These findings highlight the potential applicability of our toxin measurement system in resource-constrained areas and regions affected by conflict. The attributes of our toxin strip, including its power-free operation, portability, and user-friendly testing procedures, offer substantial advantages in the field (Table 1).

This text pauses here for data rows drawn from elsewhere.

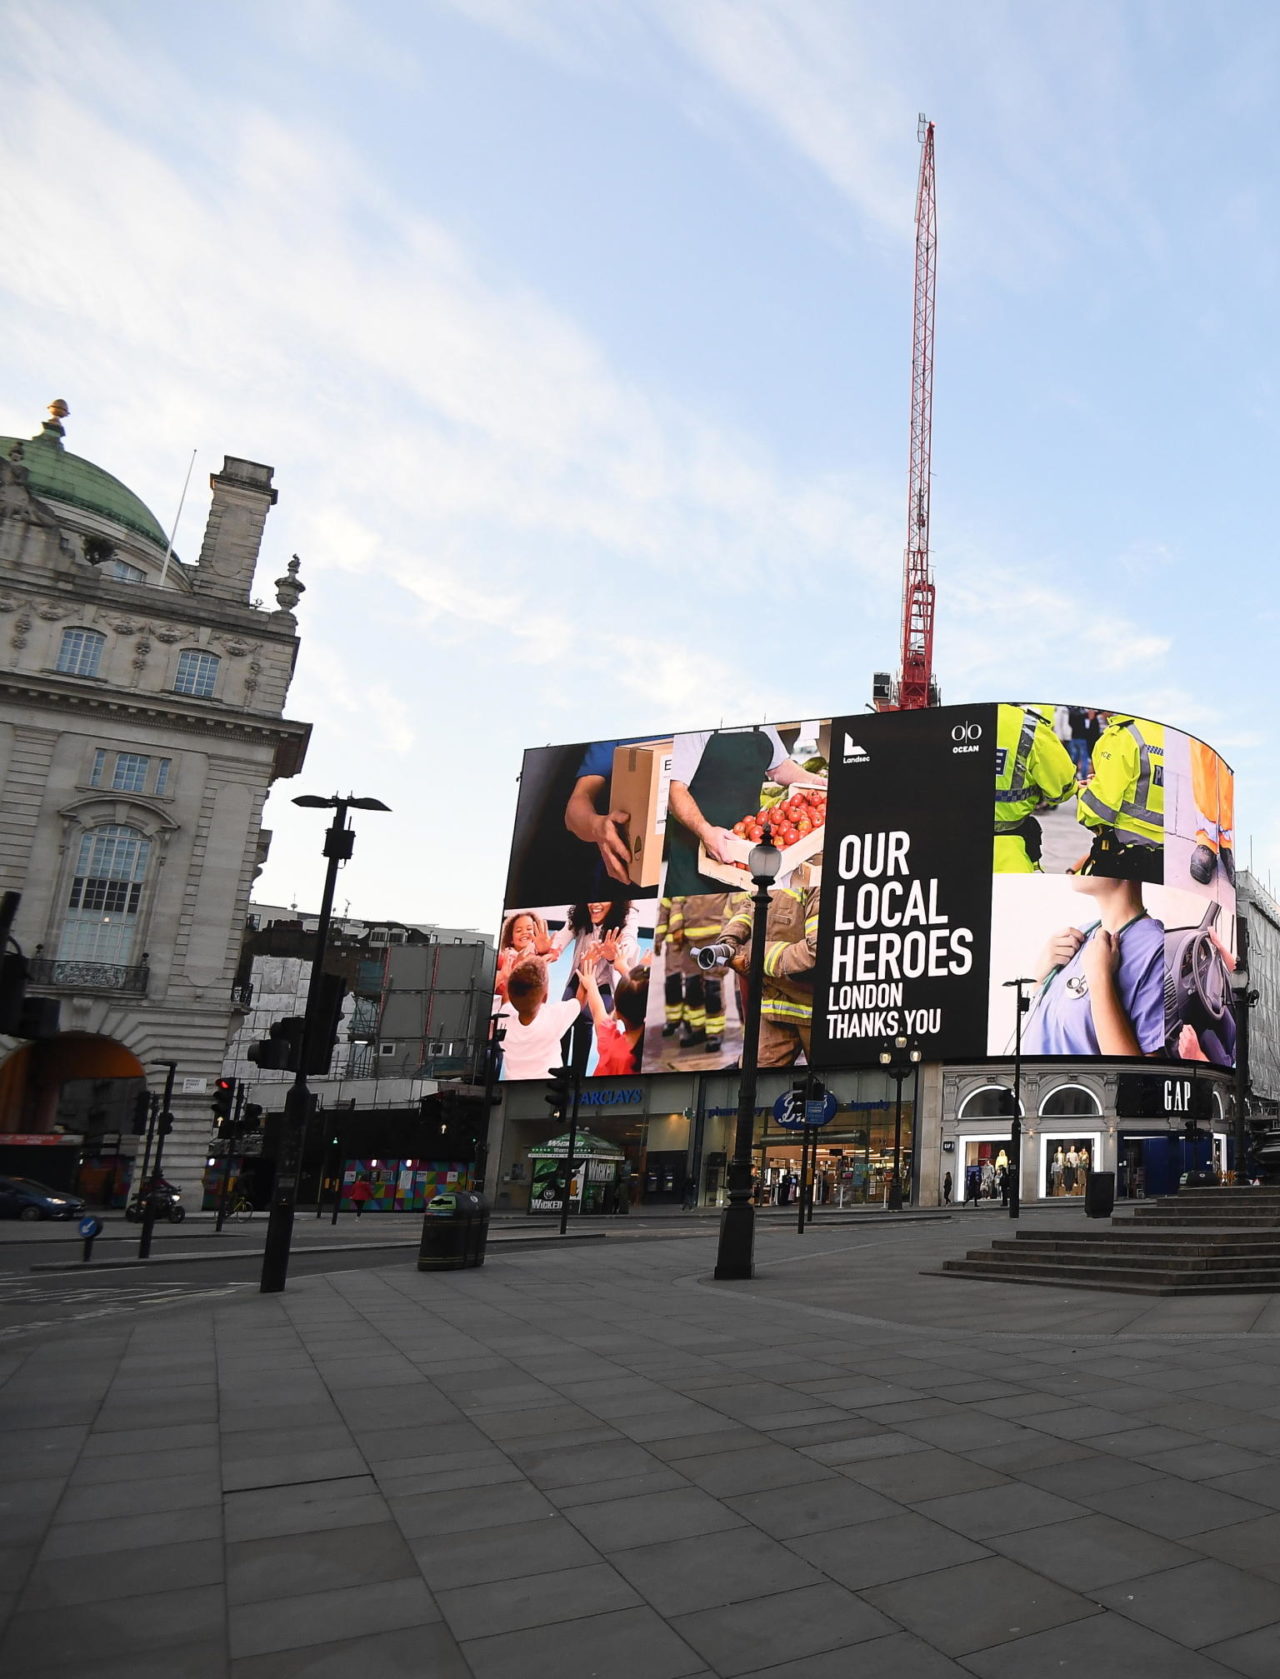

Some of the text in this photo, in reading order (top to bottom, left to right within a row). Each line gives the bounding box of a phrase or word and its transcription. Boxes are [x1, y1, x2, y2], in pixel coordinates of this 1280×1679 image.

[843, 755, 871, 764] Landsec
[952, 745, 979, 754] OCEAN
[838, 830, 911, 880] OUR
[834, 878, 949, 931] LOCAL
[831, 927, 974, 983] HEROES
[828, 982, 903, 1011] LONDON
[826, 1008, 942, 1040] THANKS YOU
[567, 1089, 642, 1105] ARCLAYS
[1164, 1080, 1191, 1111] GAP

Table 1 Recovery of three toxins at different concentrations in tap water
Target Spiked concentration (ng mL−1) Recovery (%) RSD (%)
SEB 10.0 91.1 0.8
25.0 107.9 18.3
50.0 94.9 4.9
100.0 104.2 4.9
Ricin 10.0 N/A N/A
25.0 112.0 24.0
50.0 84.5 11.1
100.0 104.2 8.5
200.0 99.7 6.2
BoNT-A 10.0 142.3 18.2
25.0 111.2 11.3
50.0 91.6 7.1
100.0 100.5 3.1
200.0 100.1 1.6


3.3 Correlation coefficient and regression analysis of multiple concentration classes

To increase classification accuracy, correlation analysis between multiple concentration classes was essential to identify and extract features effective for learning. The analysis of correlation coefficients for the concentrations of all toxin classes using the TOCBoost algorithm is shown in Fig. 3. The correlation coefficient pattern represented the relationship between the standard and non-standard concentrations of the three toxins and the intensity of c-LFA, calculated using eqn (5). Each concentration's correlation coefficient ranged between −1 and 1; the closer to 1, the simpler the correlation, and the closer to −1, the more complex it was.35 Higher values were highlighted in blue, and lower values in red (Fig. 3). The analysis showed that extractable features increased when classifying three toxins simultaneously rather than a single toxin. Moreover, the 14-class correlation coefficient from SEB-0 ng mL−1 to Ricin-50 ng mL−1 was −0.1, and including all 24 classes resulted in a correlation coefficient of −0.9, indicating the highest number of potential features. This approach successfully extracted features that improved classification accuracy, including all classes with concentrations not matching the standard curve values. The RMSE values of each concentration-specific regression of the three classes of toxins on the intensity of the c-LFA were calculated using eqn (4). Analyzing the correlation of the TOCBoost algorithm, RMSE tended to increase as the concentration value for each toxin type increased. Specifically, SEB-100 ng mL−1 exhibited the highest error with an RMSE of 0.5. These results indicated that SEB-100 ng mL−1 contained the most data with overlapping intensity values. The analyzed RMSE showed a sequential increase within the interval 0.11 and 0.5 in the sub-concentration range of 0 to 100 ng mL−1 for each toxin type. Despite this, the maximum RMSE among all classes remained below 0.5, demonstrating high accuracy and precision. Thus, successful classification was achieved at the evaluation interval with an RRMSE of less than 10% for all concentrations of each toxin class (see Table 2).
Table 2 Evaluation index of TOCBoost algorithm for predicting the concentration of three toxin groups at various concentration values (0–100 ng mL−1)
Concentration (ng mL−1) SEB Ricin BoNT-A
Evaluation metrics
RMSE (10−3) RRMSE (%) Accuracy (RRMSE < 10%) RMSE (10−3) RRMSE (%) Accuracy (RRMSE < 10%) RMSE (10−3) RRMSE (%) Accuracy (RRMSE < 10%)
0.0 13.64 1.4 Excellent 16.60 1.7 Excellent 11.97 1.2 Excellent
10.0 11.30 1.1 Excellent 17.63 1.8 Excellent 17.07 1.7 Excellent
17.5 12.86 1.3 Excellent 16.90 1.7 Excellent 18.71 1.9 Excellent
25.0 13.30 1.3 Excellent 15.23 1.5 Excellent 19.98 2.0 Excellent
37.5 19.45 2.0 Excellent 18.07 1.8 Excellent 21.36 2.1 Excellent
50.0 25.78 2.6 Excellent 23.60 2.4 Excellent 12.85 1.3 Excellent
75.0 38.19 3.8 Excellent 23.85 2.4 Excellent 19.63 1.9 Excellent
100.0 42.68 4.3 Excellent 23.46 2.3 Excellent 20.32 2.0 Excellent



image file: d4an00593g-f3.tif
Fig. 3 Correlation coefficient results for standard (0, 10, 25, 50, and 100 ng mL−1) and non-standard (17.5, 37.5, and 75 ng mL−1) concentrations of three toxin classes (SEB, Ricin, and BoNT-A) using the TOCBoost hybrid algorithm.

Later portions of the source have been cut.